◆ **Data to process**:
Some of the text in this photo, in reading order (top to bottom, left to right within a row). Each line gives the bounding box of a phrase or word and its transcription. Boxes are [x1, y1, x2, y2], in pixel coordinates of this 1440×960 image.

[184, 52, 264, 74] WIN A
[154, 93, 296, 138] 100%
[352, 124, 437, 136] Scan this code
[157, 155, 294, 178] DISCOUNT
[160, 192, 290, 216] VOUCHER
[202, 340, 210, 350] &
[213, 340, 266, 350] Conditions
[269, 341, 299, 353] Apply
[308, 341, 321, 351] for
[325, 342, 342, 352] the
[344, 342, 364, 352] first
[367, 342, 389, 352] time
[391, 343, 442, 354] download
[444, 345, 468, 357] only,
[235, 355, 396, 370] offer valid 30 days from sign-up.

◆ **Directions**:
Output the entire listing exactly, including each line.

◆ **Problem solution**:
Some of the text in this photo, in reading order (top to bottom, left to right within a row). Each line gives the bounding box of a phrase or word and its transcription. Boxes are [x1, y1, x2, y2], in pixel coordinates of this 1440×960 image.

[184, 52, 264, 74] WIN A
[154, 93, 296, 138] 100%
[352, 124, 437, 136] Scan this code
[157, 155, 294, 178] DISCOUNT
[160, 192, 290, 216] VOUCHER
[202, 340, 210, 350] &
[213, 340, 266, 350] Conditions
[269, 341, 299, 353] Apply
[308, 341, 321, 351] for
[325, 342, 342, 352] the
[344, 342, 364, 352] first
[367, 342, 389, 352] time
[391, 343, 442, 354] download
[444, 345, 468, 357] only,
[235, 355, 396, 370] offer valid 30 days from sign-up.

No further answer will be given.